■ Your assignment: What is needed is an exact copy of the line with "Some of the words" and all lines that follow it in the entries below, the last line included.

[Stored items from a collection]
:::::

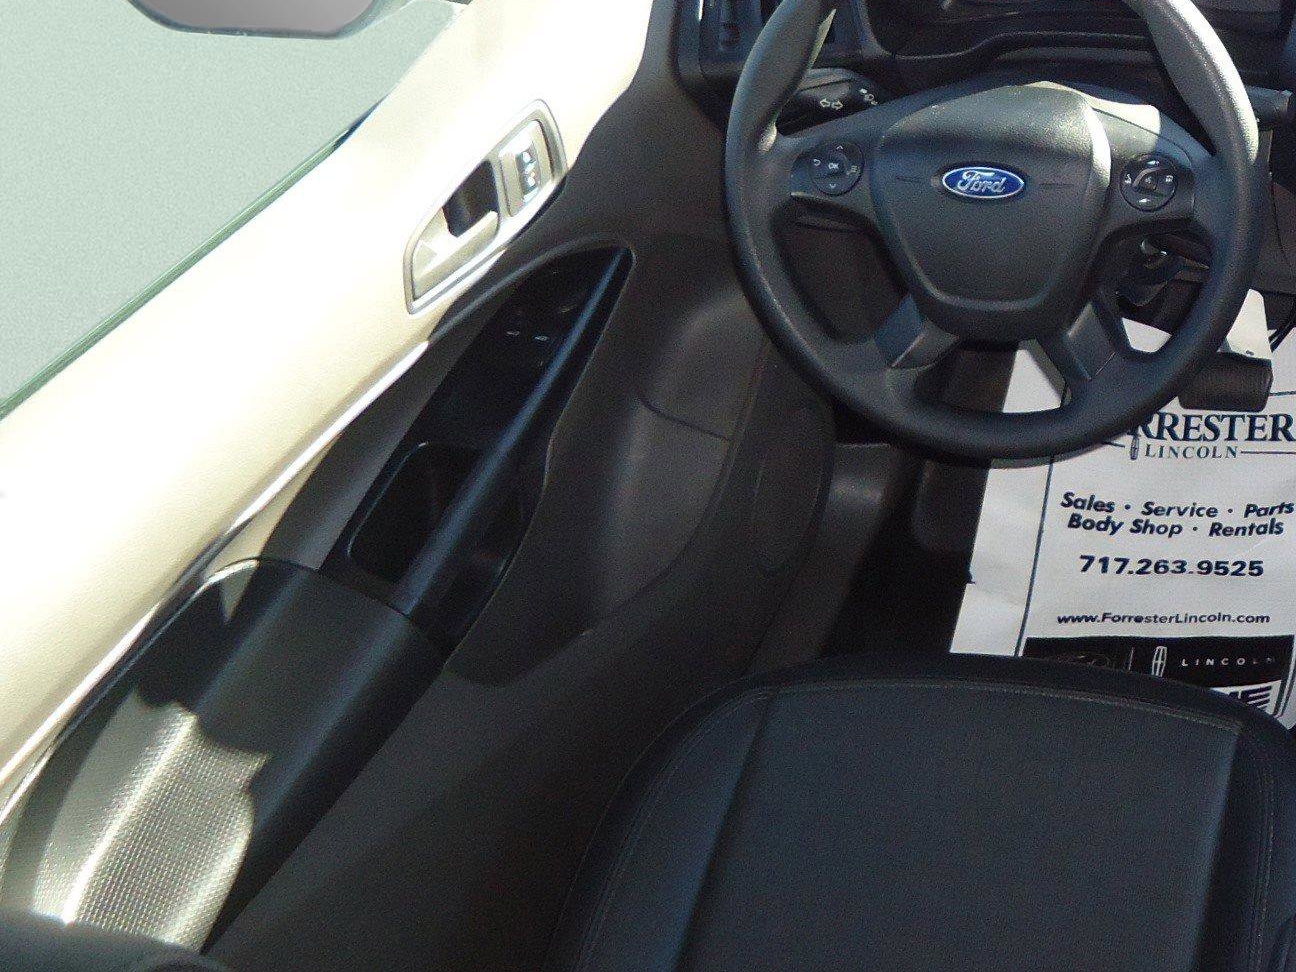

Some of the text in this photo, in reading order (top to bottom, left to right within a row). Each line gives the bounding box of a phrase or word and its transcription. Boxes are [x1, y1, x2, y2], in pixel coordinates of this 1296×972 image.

[957, 170, 1007, 193] Ford
[1145, 443, 1239, 460] LINCOLN
[1060, 491, 1295, 518] Sales Service Parts
[1067, 513, 1284, 538] Body Shop Rentals
[1080, 554, 1264, 577] 717.263.9525
[1057, 612, 1271, 625] www.ForresterLincoln.com
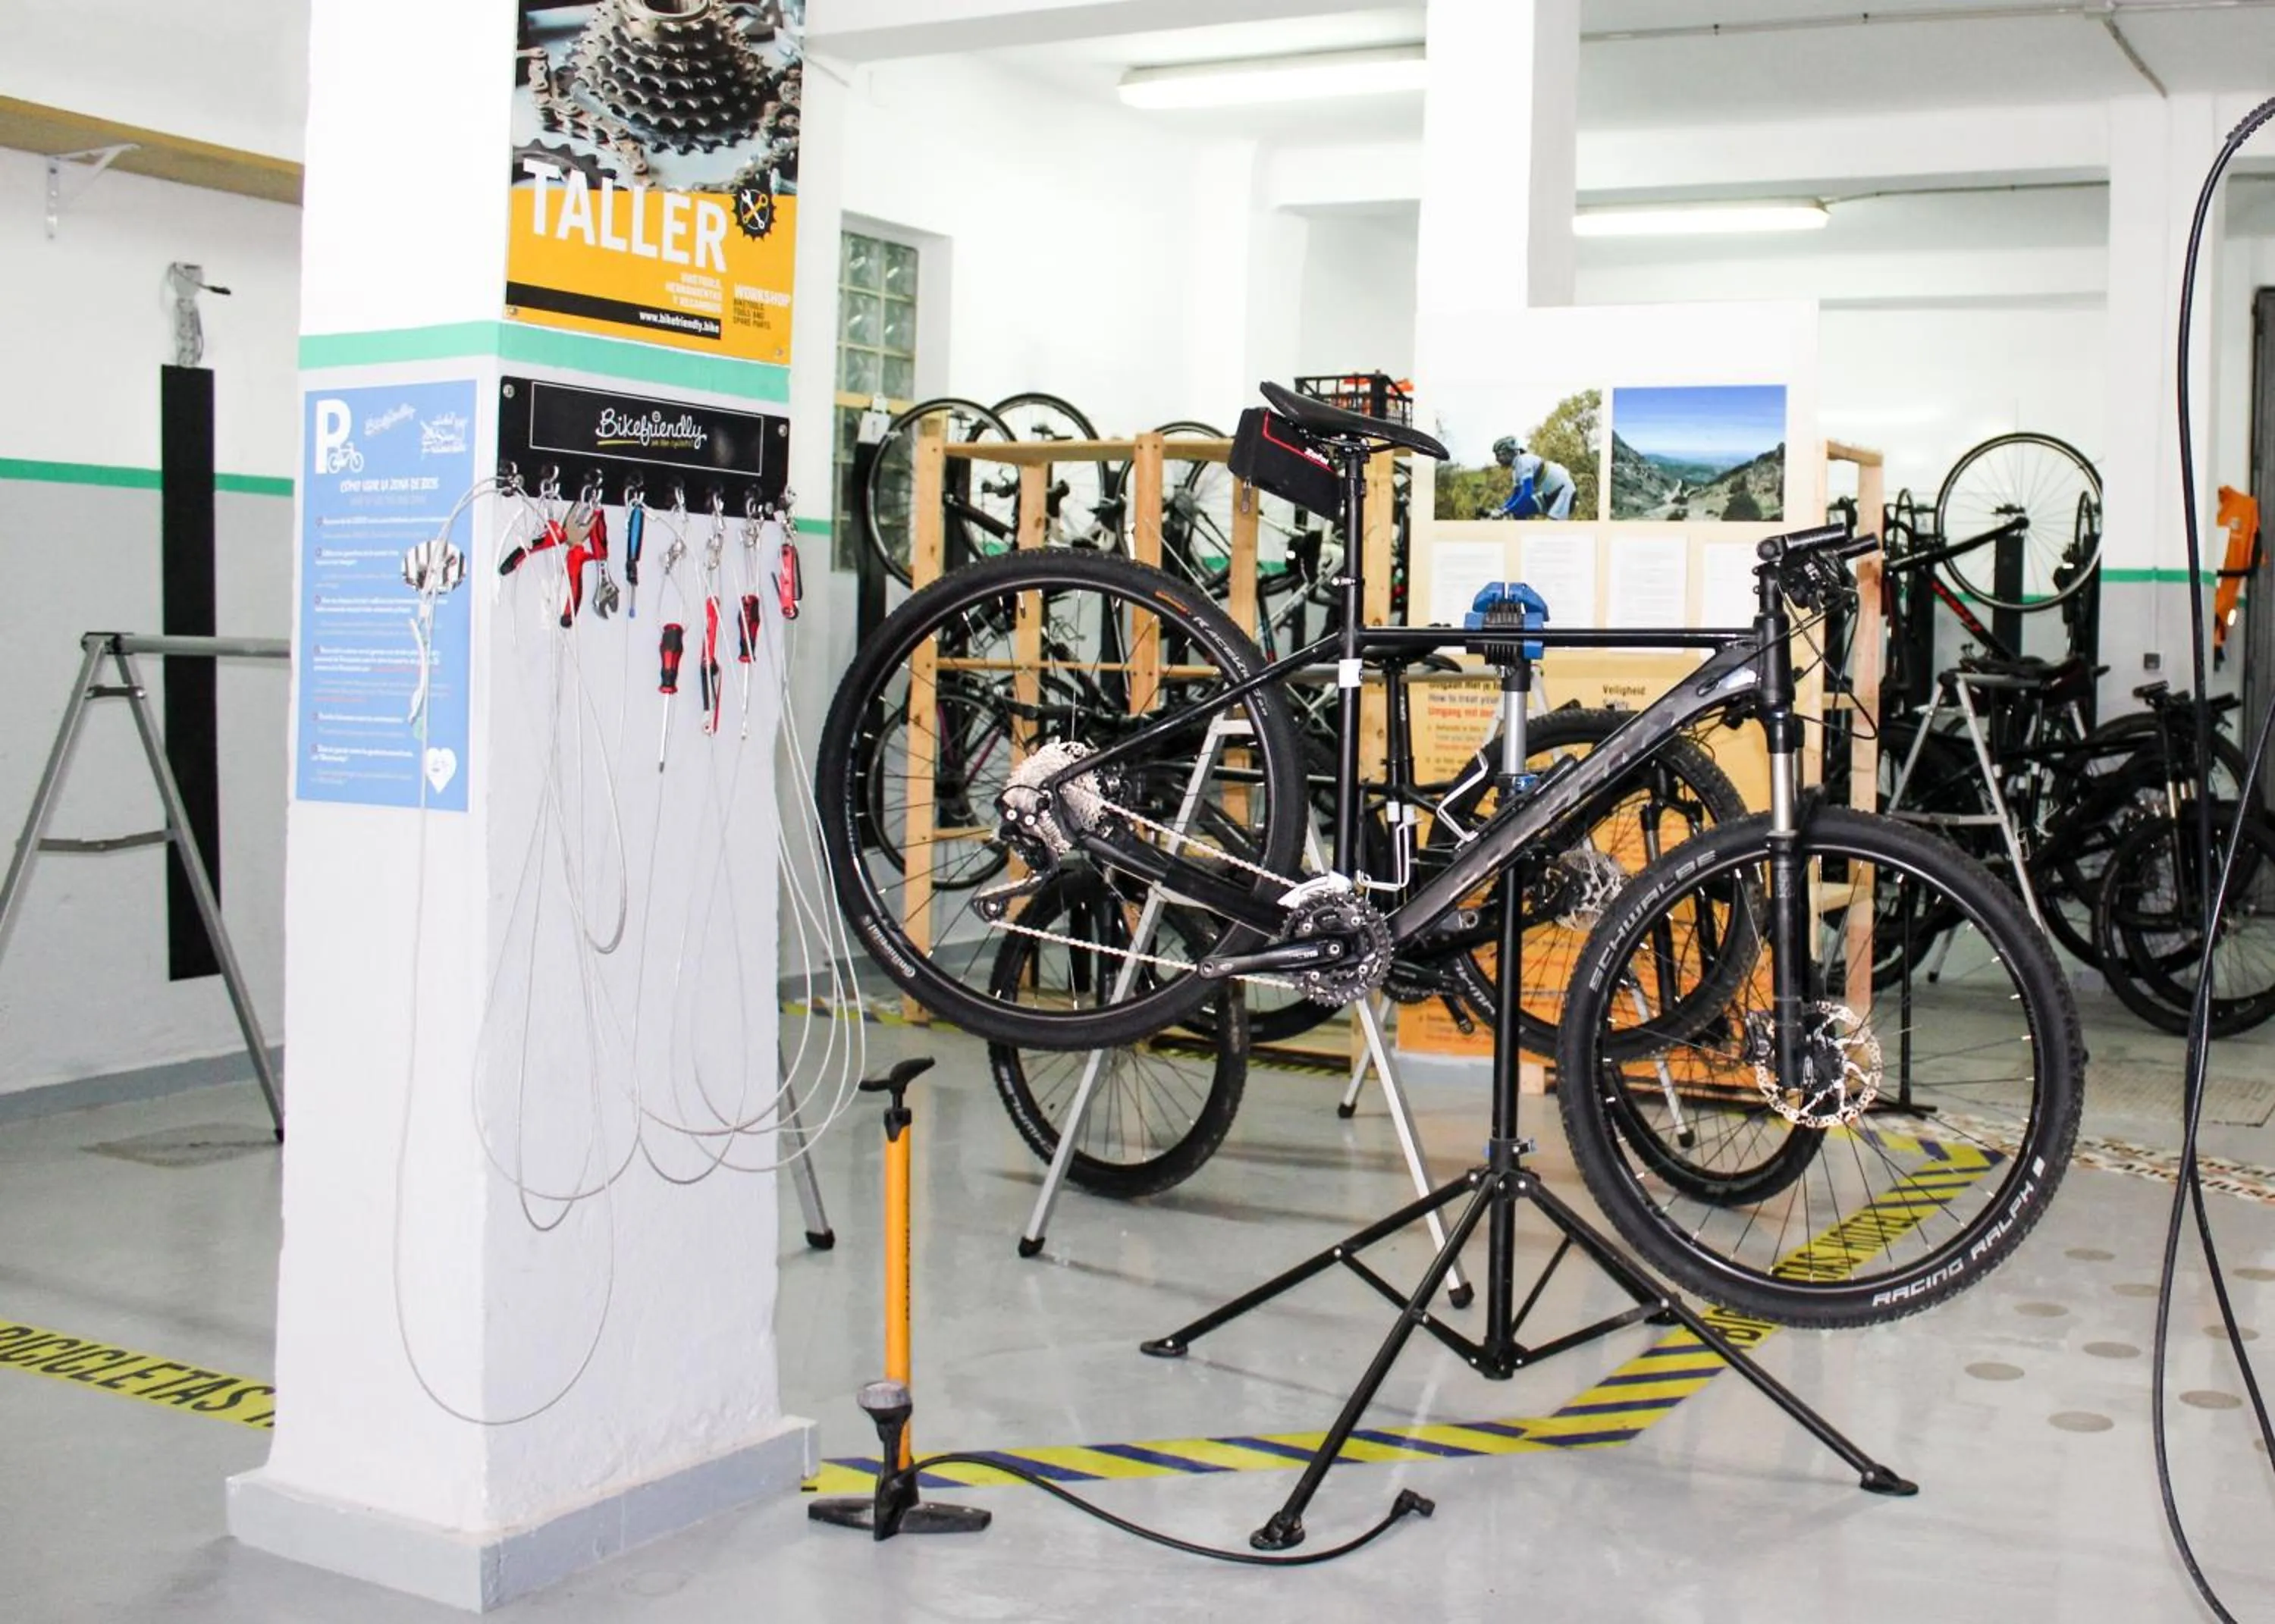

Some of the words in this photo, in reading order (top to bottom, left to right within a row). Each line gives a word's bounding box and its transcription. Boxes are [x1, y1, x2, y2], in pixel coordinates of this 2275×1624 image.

[523, 158, 727, 272] TALLER
[595, 407, 707, 450] Bikefriendly
[1602, 685, 1646, 697] Veiligheid
[1589, 850, 1717, 992] SCHWALBE
[1872, 1257, 1965, 1307] RACING
[1972, 1180, 2034, 1261] RALPH

:::::

■ Exercise result:
Some of the words in this photo, in reading order (top to bottom, left to right within a row). Each line gives a word's bounding box and its transcription. Boxes are [x1, y1, x2, y2], in pixel coordinates of this 2275×1624 image.

[523, 158, 727, 272] TALLER
[595, 407, 707, 450] Bikefriendly
[1602, 685, 1646, 697] Veiligheid
[1589, 850, 1717, 992] SCHWALBE
[1872, 1257, 1965, 1307] RACING
[1972, 1180, 2034, 1261] RALPH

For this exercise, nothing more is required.